Comparison of supported Servlet containers
tomcat:9-jre11 | jetty:10-jre11 | jetty:10-jre11-alpine | |
---|---|---|---|
OS | Ubuntu 22.04 | Ubuntu 22.04 | Alpine 3.18.4 |
Size | 98.21 MB | 96.89 MB | 70.39 MB |
Packages | 219 | 265 | 169 |
Vulnerabilities* | 0H 3M 14L | 0H 3M 14L | 0H 0M 0L |
Rootless | No | Yes | Yes |
*Vulnerabilities checked on October/2023. (tomcat:9-jre11, jetty:10-jre11, jetty:10-jre11-alpine)
Since tomcat is using root user, best choise is use as base image Jetty10 Alpine image.
Build
Pre-requirements for building:
- Java SDK 11 (Temurin is recomended)
- Apache Maven 3.9+
- Docker (to build base image or local images)
Jetty Base Image
JETTY_TAG=10-jre11-alpine
docker build --build-arg="JETTY_TAG=$JETTY_TAG" -t localhost/jetty-xwiki:$JETTY_TAG jetty-xwiki
XWiki Distributions
# First compile/build all extensions and base distributions.
mvn clean install
JETTY_TAG=10-jre11-alpine
# Generate all image flavors
mvn package -Pbuild-image -Djetty-xwiki.tag=$JETTY_TAG
# Generate specific image using local Docker
mvn -f distribution/docker/mariadb/pom.xml package jib:dockerBuild \
-Djib.from.image=localhost/jetty-xwiki:$JETTY_TAG \
-Djib.to.image=localhost/xwiki:VERSION-mariadb
SBOM
Current tool used to generate SBOM is Syft.

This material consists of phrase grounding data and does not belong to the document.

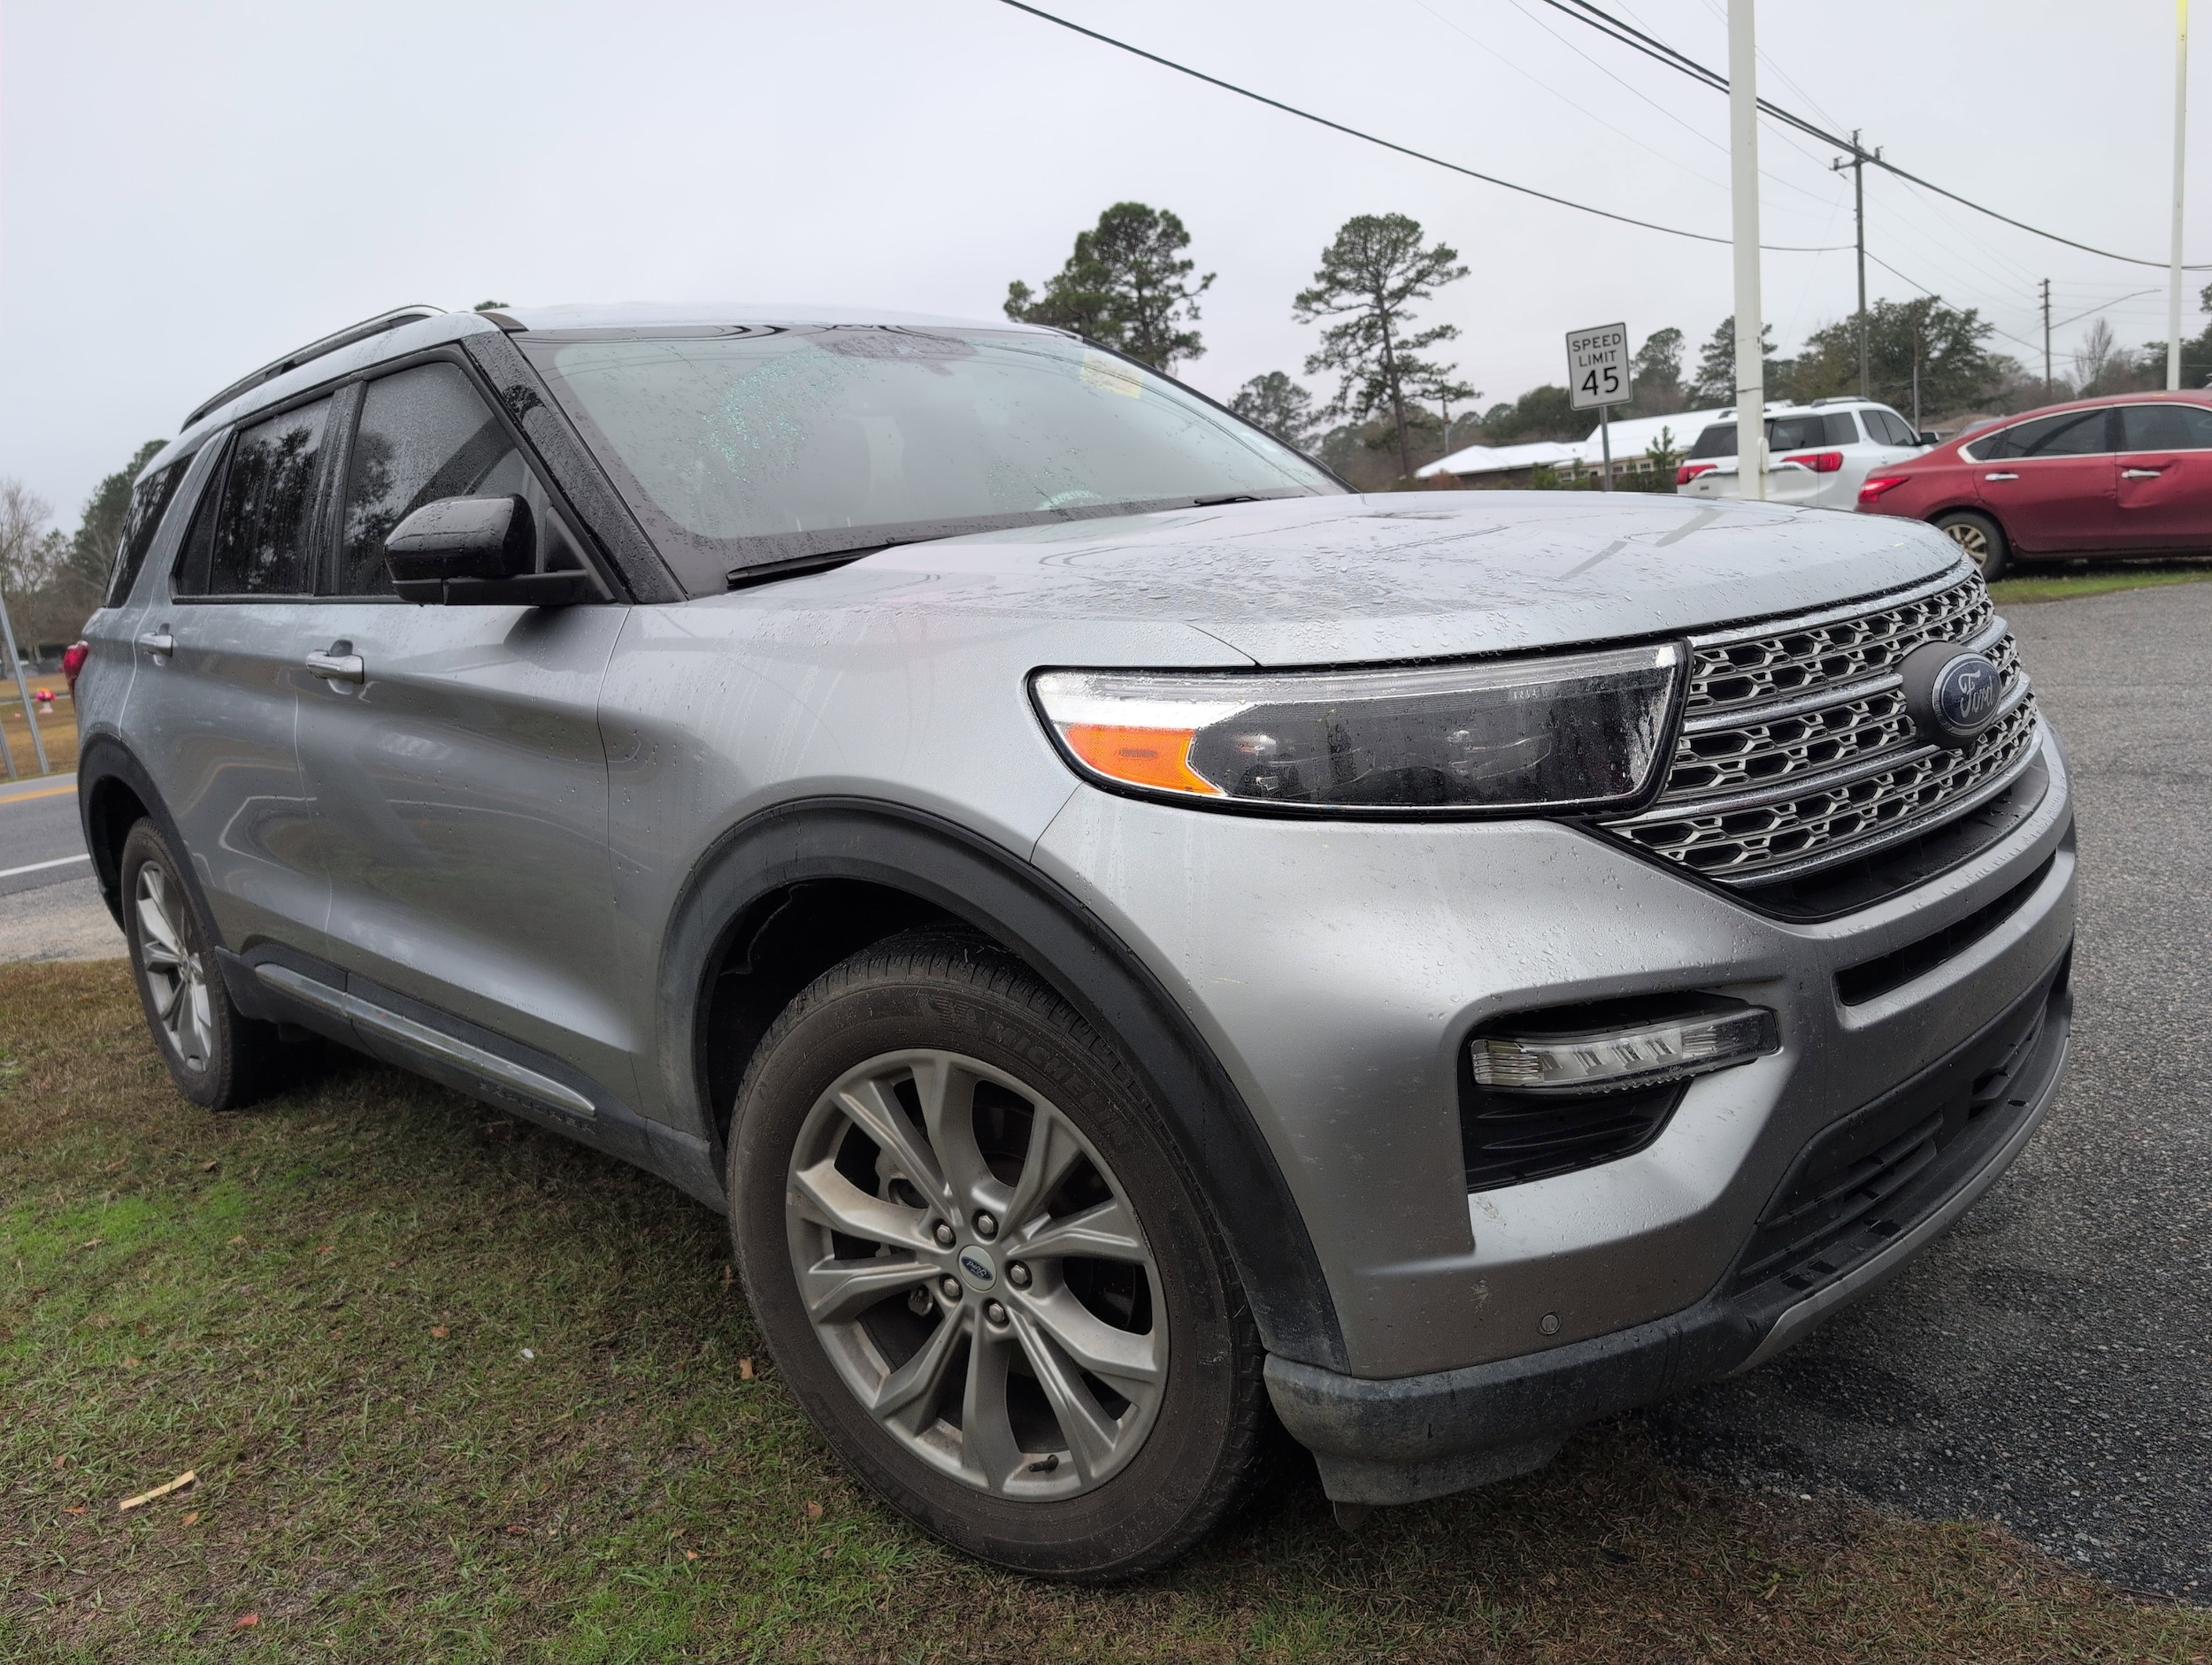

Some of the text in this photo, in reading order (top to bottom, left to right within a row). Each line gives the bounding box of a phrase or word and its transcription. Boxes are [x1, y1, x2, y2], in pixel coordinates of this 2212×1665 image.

[1571, 333, 1622, 352] SPEED
[1578, 349, 1617, 367] LIMIT
[1581, 366, 1619, 395] 45
[1958, 670, 1993, 718] Ford
[985, 1020, 1133, 1148] MICHELIN
[965, 1260, 988, 1278] Ford

# Generate "more complete" sbom that can be converted to other formats
syft git.xwikisas.com:5050/xwikisas/swp/xwiki:11-mariadb-jetty-alpine -o syft-json=mariadb.syft.sbom.json
# Generate CycloneDX SBOM
syft convert mysql.syft.sbom.json -o cyclonedx-json=mysql-cyclonedx.sbom.json
# Generate SPDX SBOM
syft convert mysql.syft.sbom.json -o spdx-json=mysql-spdx.sbom.json
Scanning
Current tool used to run security scanner on this project container images is Trivy.

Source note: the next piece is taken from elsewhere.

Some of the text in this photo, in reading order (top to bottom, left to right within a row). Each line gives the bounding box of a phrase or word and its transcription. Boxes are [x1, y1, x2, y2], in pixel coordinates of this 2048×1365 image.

trivy image git.xwikisas.com:5050/xwikisas/swp/xwiki:11-mariadb-jetty-alpine
Container Signature
Current tool used to sign containers is cosign, tool that is part of (sigstore)(https://www.sigstore.dev/) project.
Sign
Using Gitlab ingration to read keys from Project. This require developer access to this project.
GITLAB_HOST=https://git.xwikisas.com/
# https://docs.gitlab.com/ee/user/profile/personal_access_tokens.html
GITLAB_TOKEN=generatedPersonalToken
# Sign image
cosign sign --key gitlab://393 git.xwikisas.com:5050/xwikisas/swp/xwiki:IMAGE_TAG@sha256:digest
# Add sbom to container (not sign yet)
cosign attach sbom --type=spdx --input-format=json --sbom=mariadb-spdx.sbom.json git.xwikisas.com:5050/xwikisas/swp/xwiki:IMAGE_TAG@sha256:digest
# Sign sbom
cosign sign --key gitlab://393 --attachment sbom git.xwikisas.com:5050/xwikisas/swp/xwiki:IMAGE_TAG@sha256:digest
Verifying
All containers images generated by this project can be verified with this public key:
-----BEGIN PUBLIC KEY-----
MFkwEwYHKoZIzj0CAQYIKoZIzj0DAQcDQgAEoNMq65mDRUJa1HdoKP2QNr9AN04v
JwsRwVRbGmw4RtzKTHa3+Kj8BfonP72FqOhUr9WkDYYPPyBLTugCDwj6yw==
-----END PUBLIC KEY-----
Example check tag version: 0.11-mariadb-jetty-alpine:
cosign verify --key cosign.pub git.xwikisas.com:5050/xwikisas/swp/xwiki:0.11-mariadb-jetty-alpine
General Security Checks
Some checks that can be performed to verify the integrity of this running container (if running on Kubernetes using XWiki Helm Chart):
- Check Helm Chart signature
- Check XWiki (OpenDesk) signature
- Store and check if config files are not changed on running instance
kubectl -n NAMESPACE get pod xwiki-0 -o jsonpath="{.metadata.annotations.checksum/configmap}"
kubectl -n NAMESPACE get pod xwiki-0 -o jsonpath="{.metadata.annotations.checksum/initialization-configmaps}"
- Run frequent security container scans, see example.